Sonntag, 27.10.2019, 20:51 Uhr
Waren je zwei Mal am Sonntagnachmittag im Anton für Union erfolgreich: Linda Efler und der Niederländer Jelle Maas.
Waren je zwei Mal am Sonntagnachmittag im Anton für Union erfolgreich: Linda Efler und der Niederländer Jelle Maas. Foto: flo

Union Lüdinghausen hat das Heimspiel gegen den TSV Trittau mit 3:4 verloren, muss sich also mit einem Zähler begnügen. Geliebäugelt hatten die Gastgeber ganz sicher mit zwei Punkten. Und ein Sieg lag trotz des verletzungsbedingten Ausfalls von Kai Schäfer im Bereich des Möglichen. Dafür hätte Union bereits ein Sieg in den Einzeln an diesem Sonntagnachmittag gereicht. Doch erst unterlag die etwas müde wirkende Yvonne Li der starken Indonesierin Priskila Siahaya nach 1:0-Führung mit 1:3. Exakt den gleichen Verlauf nahm das zweite Herreneinzel zwischen Nick Fransman und David Jones . Den Niederländer schien die Knieblessur, die er sich im Heimspiel davor gegen Mülheim zugezogen hatte, stark zu beinträchtigen.
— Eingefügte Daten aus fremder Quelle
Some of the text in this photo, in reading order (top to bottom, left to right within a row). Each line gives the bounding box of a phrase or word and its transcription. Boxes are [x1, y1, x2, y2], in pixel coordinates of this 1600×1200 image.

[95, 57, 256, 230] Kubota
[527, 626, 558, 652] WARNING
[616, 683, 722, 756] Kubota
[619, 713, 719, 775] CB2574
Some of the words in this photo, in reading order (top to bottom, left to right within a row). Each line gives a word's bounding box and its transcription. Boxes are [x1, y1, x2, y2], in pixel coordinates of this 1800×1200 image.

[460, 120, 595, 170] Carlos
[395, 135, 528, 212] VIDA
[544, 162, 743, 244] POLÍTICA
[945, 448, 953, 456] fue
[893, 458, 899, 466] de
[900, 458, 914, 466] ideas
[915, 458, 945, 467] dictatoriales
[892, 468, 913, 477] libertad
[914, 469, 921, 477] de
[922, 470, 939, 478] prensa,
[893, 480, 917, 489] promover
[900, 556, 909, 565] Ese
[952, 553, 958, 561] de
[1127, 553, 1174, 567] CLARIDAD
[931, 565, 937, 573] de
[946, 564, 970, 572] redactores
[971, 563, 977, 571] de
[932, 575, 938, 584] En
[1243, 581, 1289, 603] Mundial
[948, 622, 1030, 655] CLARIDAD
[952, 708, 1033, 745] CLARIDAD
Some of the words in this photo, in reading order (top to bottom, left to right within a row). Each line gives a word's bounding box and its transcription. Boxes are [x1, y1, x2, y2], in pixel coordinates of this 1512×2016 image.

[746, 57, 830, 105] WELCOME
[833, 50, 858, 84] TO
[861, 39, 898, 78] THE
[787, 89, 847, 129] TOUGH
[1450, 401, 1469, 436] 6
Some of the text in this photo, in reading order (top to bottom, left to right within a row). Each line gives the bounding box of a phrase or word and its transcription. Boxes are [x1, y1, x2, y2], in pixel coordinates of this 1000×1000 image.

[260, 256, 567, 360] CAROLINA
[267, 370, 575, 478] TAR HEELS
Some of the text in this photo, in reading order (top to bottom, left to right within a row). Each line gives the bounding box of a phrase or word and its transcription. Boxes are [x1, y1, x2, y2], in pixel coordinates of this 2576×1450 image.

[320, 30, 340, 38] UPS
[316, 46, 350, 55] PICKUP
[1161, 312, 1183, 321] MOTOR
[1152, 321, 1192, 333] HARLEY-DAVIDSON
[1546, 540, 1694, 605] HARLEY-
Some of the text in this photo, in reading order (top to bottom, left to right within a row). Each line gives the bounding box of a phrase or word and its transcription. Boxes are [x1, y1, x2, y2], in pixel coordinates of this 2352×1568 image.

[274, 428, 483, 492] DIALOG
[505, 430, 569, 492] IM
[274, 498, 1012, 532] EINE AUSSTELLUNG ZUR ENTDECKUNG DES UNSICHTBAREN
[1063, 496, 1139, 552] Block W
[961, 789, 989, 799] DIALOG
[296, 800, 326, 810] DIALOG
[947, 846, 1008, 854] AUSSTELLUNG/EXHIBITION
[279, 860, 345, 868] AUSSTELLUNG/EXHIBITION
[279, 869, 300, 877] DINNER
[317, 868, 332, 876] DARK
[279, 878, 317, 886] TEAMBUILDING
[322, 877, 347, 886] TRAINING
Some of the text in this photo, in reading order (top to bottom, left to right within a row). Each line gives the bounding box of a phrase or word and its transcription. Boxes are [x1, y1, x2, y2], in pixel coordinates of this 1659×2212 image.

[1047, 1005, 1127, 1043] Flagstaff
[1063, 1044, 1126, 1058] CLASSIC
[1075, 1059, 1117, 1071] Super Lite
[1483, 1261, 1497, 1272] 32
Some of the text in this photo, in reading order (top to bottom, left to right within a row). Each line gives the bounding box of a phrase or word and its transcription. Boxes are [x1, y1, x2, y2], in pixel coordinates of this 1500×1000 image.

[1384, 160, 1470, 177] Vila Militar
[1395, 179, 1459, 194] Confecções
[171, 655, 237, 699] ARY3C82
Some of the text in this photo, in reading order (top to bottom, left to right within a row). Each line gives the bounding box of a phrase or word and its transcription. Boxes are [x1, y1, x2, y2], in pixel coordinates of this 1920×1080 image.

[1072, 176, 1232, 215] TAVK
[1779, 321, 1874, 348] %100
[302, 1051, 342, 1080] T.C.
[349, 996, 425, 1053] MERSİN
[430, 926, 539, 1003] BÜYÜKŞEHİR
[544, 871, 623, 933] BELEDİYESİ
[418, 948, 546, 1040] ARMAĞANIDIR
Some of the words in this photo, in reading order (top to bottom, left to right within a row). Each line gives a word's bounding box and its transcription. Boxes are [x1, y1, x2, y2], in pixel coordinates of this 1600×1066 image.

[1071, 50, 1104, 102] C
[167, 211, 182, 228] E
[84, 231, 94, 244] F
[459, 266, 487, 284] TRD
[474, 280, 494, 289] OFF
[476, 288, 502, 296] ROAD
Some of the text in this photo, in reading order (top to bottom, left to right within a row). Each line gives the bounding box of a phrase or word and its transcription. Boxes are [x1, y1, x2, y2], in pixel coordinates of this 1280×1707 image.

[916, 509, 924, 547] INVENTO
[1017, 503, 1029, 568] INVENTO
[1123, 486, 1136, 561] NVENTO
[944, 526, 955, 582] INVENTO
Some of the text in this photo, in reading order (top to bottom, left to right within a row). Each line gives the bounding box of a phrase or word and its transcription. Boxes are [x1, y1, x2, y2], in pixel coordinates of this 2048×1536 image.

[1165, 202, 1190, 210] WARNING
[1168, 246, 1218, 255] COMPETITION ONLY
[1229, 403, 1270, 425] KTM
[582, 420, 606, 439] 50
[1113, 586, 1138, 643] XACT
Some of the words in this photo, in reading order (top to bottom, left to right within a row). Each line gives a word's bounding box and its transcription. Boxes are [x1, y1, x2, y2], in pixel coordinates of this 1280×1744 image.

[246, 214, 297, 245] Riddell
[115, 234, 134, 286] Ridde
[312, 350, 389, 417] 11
Li war untröstlich nach ihrer Viersatzniederlage: „Klar waren die vergangenen Wochen mit den Turnieren in Dänemark und Frankreich stressig. Trotzdem darf ich ein solches Match einfach nicht verlieren.“ Union-Teammanager Michael Schnaase hob dagegen das Positive hervor: „Wir haben immer noch drei Punkte mehr als Trittau und sogar acht mehr als Neuhausen.“ In 14 Tagen gastiert Lüdinghausen beim Tabellenletzten. „Vielleicht sind Nick und Kai bis dahin ja wieder fit“, hofft Schnaase.

Mitreißendes Doppel

Die Zuschauer hätten sich gewiss einen Sieg der Heimmannschaft gewünscht. Mehr als entschädigt wurden sie indes durch den Erfolg der Lüdinghauser im Spitzendoppel. Roman Zirnwald und Jelle Maas bezwangen in einem mitreißenden Match die Briten Matthew Clare und Jones in fünf Durchgängen. Eigentlich passten der Niederländer Maas und er, der Österreicher, gar nicht so gut zusammen, wie Routinier Zirnwald erklärte: „Jelle macht unentwegt Druck, während ich lieber versuche, immer mal wieder das Tempo rauszunehmen.“ Aber irgendwie fanden die beiden Unionisten bei ihrem erst zweiten gemeinsamen Auftritt doch die passende Balance.

Ziemlich souverän war der Sieg von Li/Linda Efler im Damendoppel über Hope Warner/Inalotta Suutarinen. Und auch Maas/Efler gaben sich im abschließenden Mixed gegen Clare/Warner nur selten eine Blöße. Die Notpaarung Josche Zurwonne/Christoph Schnaase (beide praktisch ohne Training) schnupperte gegen Jones/Clare immerhin an einem Satzgewinn.